▶ Data for analysis:
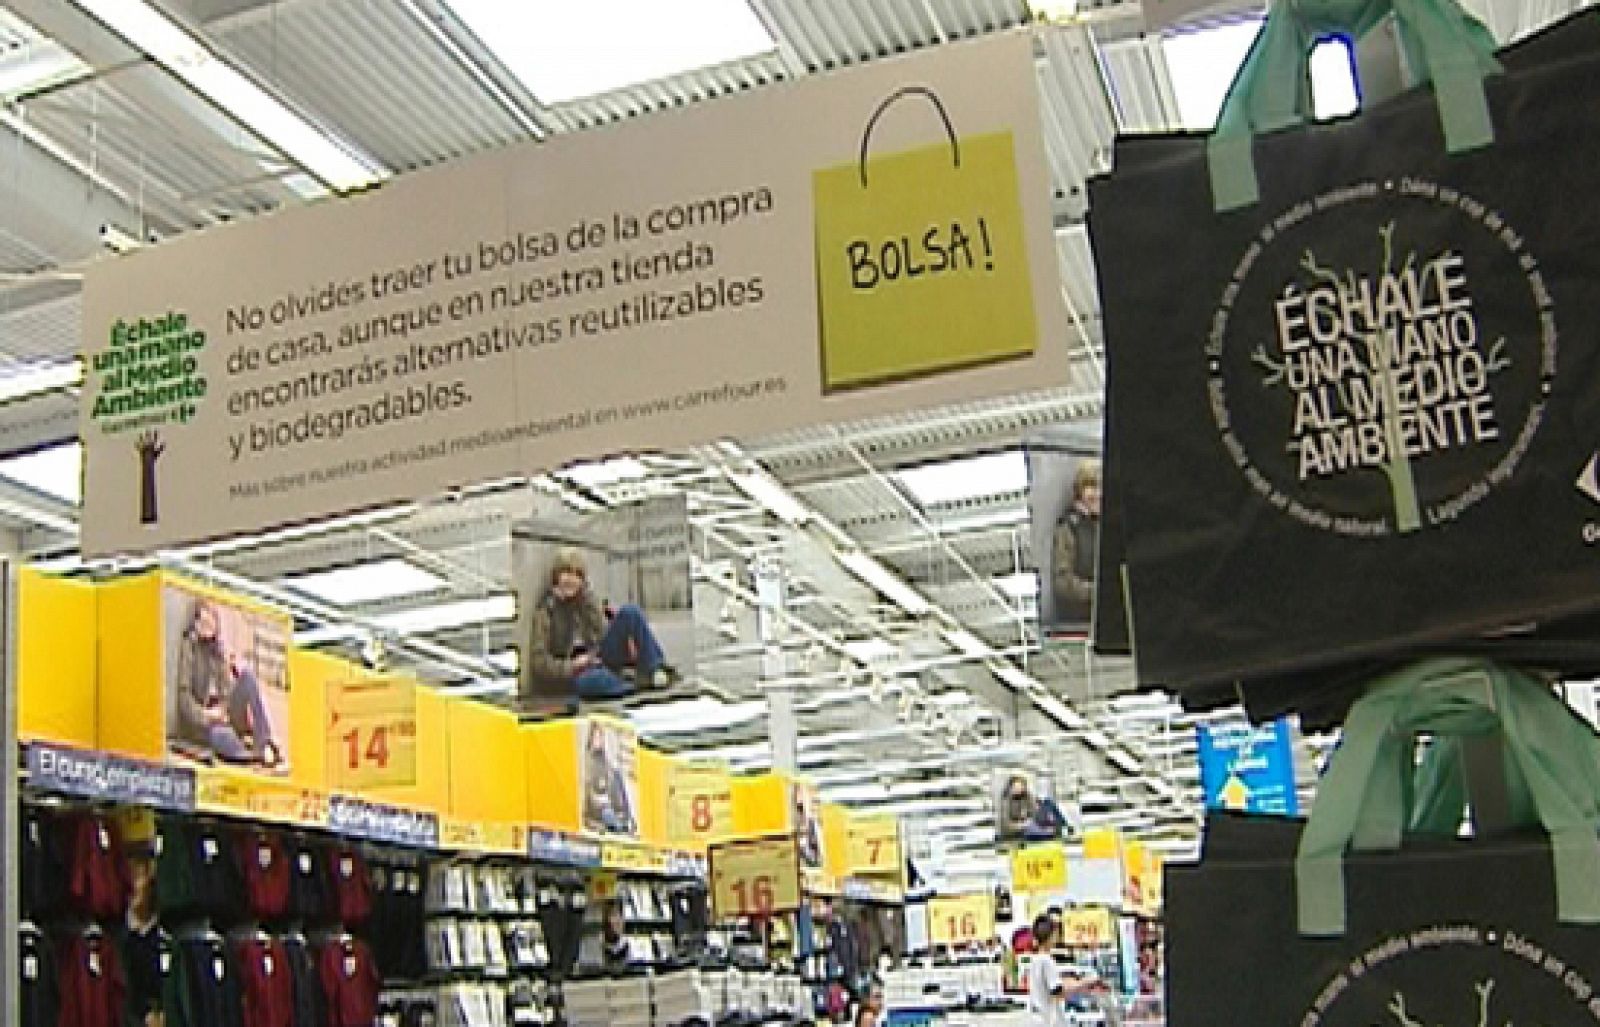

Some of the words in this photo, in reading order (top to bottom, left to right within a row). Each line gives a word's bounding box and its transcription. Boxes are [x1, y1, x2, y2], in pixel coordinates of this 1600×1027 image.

[227, 305, 265, 333] No
[270, 281, 364, 324] olvides
[371, 260, 437, 298] traer
[444, 253, 472, 279] tu
[478, 232, 559, 271] bolsa
[565, 219, 605, 252] de
[613, 213, 640, 241] la
[648, 186, 772, 234] compra
[846, 217, 994, 289] BOLSA!
[111, 312, 187, 347] Échale
[227, 350, 260, 375] de
[266, 330, 332, 364] casa,
[337, 301, 442, 347] aunque
[448, 290, 484, 321] en
[490, 266, 603, 308] nuestra
[611, 241, 714, 284] tienda
[1275, 256, 1472, 353] ÉCHALE
[93, 346, 137, 371] una
[138, 331, 205, 360] mano
[102, 369, 123, 392] al
[127, 353, 196, 388] Medio
[227, 353, 387, 415] encontrarás
[393, 317, 562, 376] alternativas
[569, 276, 763, 336] reutilizables
[1284, 339, 1365, 390] UNA
[1366, 311, 1477, 372] MANO
[91, 377, 207, 419] Ambiente
[229, 432, 245, 461] y
[250, 381, 472, 452] biodegradables.
[1295, 383, 1347, 434] AL
[1349, 351, 1487, 421] MEDIO
[264, 472, 305, 494] sobre
[310, 458, 369, 488] nuestra
[372, 441, 446, 477] actividad
[451, 409, 592, 453] medioambiental
[595, 404, 618, 423] en
[1300, 394, 1498, 480] AMBIENTE
[342, 728, 390, 769] 14
[691, 793, 713, 834] 8
[865, 838, 884, 866] 7
[729, 874, 775, 918] 16
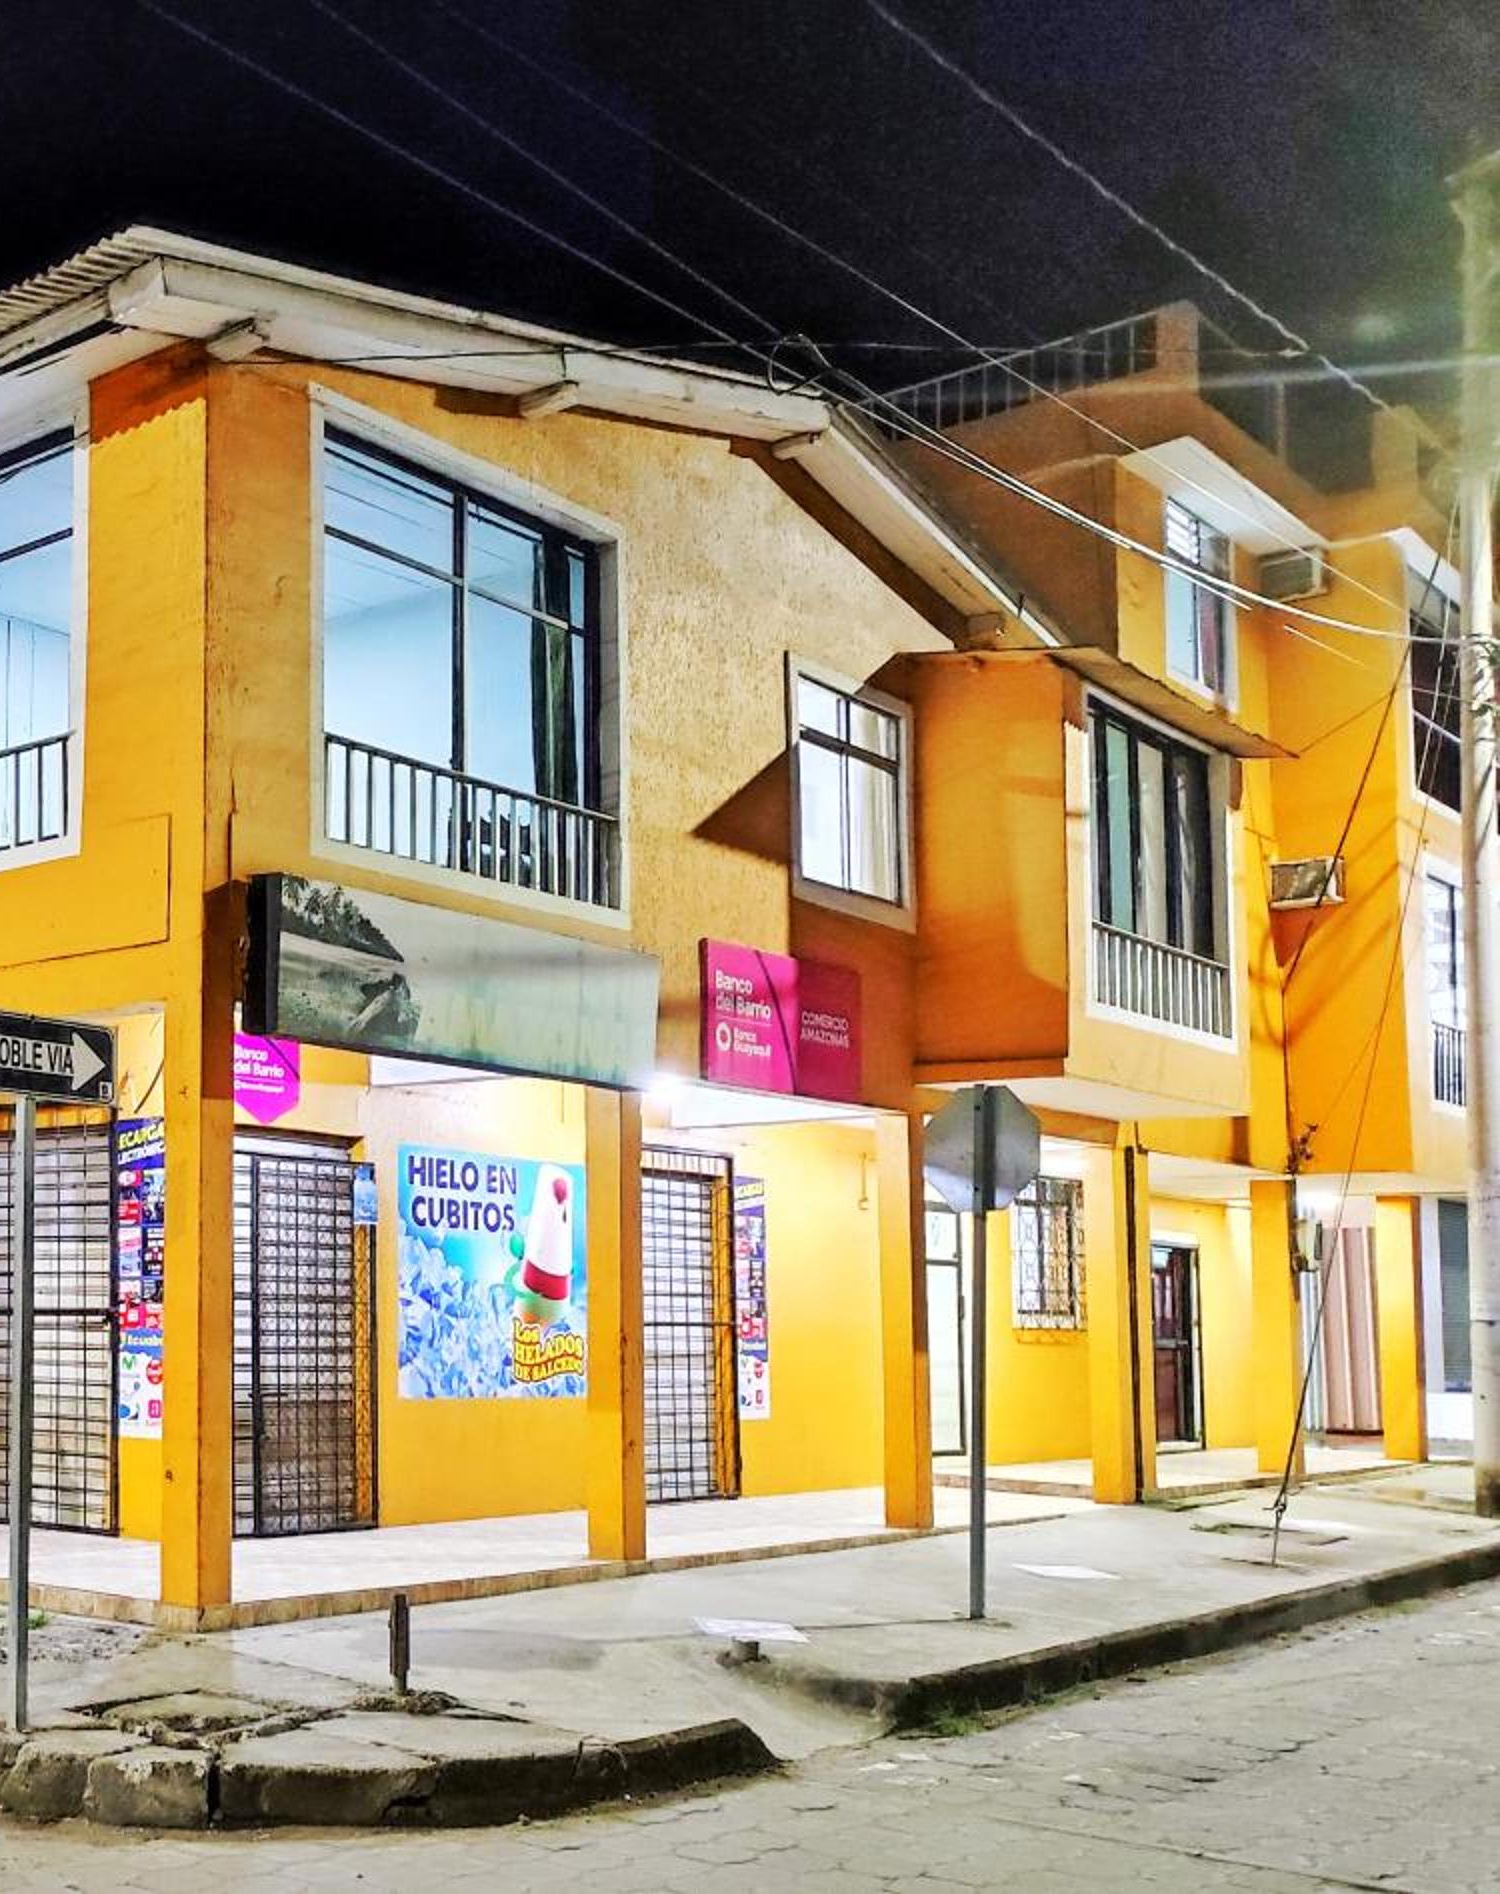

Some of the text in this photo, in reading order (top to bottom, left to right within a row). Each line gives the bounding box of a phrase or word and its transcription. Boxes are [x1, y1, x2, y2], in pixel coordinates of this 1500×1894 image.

[715, 969, 752, 994] Banco
[716, 992, 771, 1021] del Barrio
[801, 1011, 848, 1031] COMERCIO
[800, 1028, 849, 1049] AMAZONAS
[47, 1044, 74, 1074] VIA
[253, 1060, 285, 1079] Barrio
[408, 1155, 516, 1195] HIELO EN
[411, 1195, 515, 1233] CUBITOS
[514, 1332, 584, 1366] HELADOS
[514, 1358, 584, 1382] DE SALCEDO

▶ What is expected: Starting from the line holding "Some of the text", restate the remaining lines of the data word for word, including the last.

▶ Response:
Some of the text in this photo, in reading order (top to bottom, left to right within a row). Each line gives the bounding box of a phrase or word and its transcription. Boxes are [x1, y1, x2, y2], in pixel coordinates of this 1500×1894 image.

[715, 969, 752, 994] Banco
[716, 992, 771, 1021] del Barrio
[801, 1011, 848, 1031] COMERCIO
[800, 1028, 849, 1049] AMAZONAS
[47, 1044, 74, 1074] VIA
[253, 1060, 285, 1079] Barrio
[408, 1155, 516, 1195] HIELO EN
[411, 1195, 515, 1233] CUBITOS
[514, 1332, 584, 1366] HELADOS
[514, 1358, 584, 1382] DE SALCEDO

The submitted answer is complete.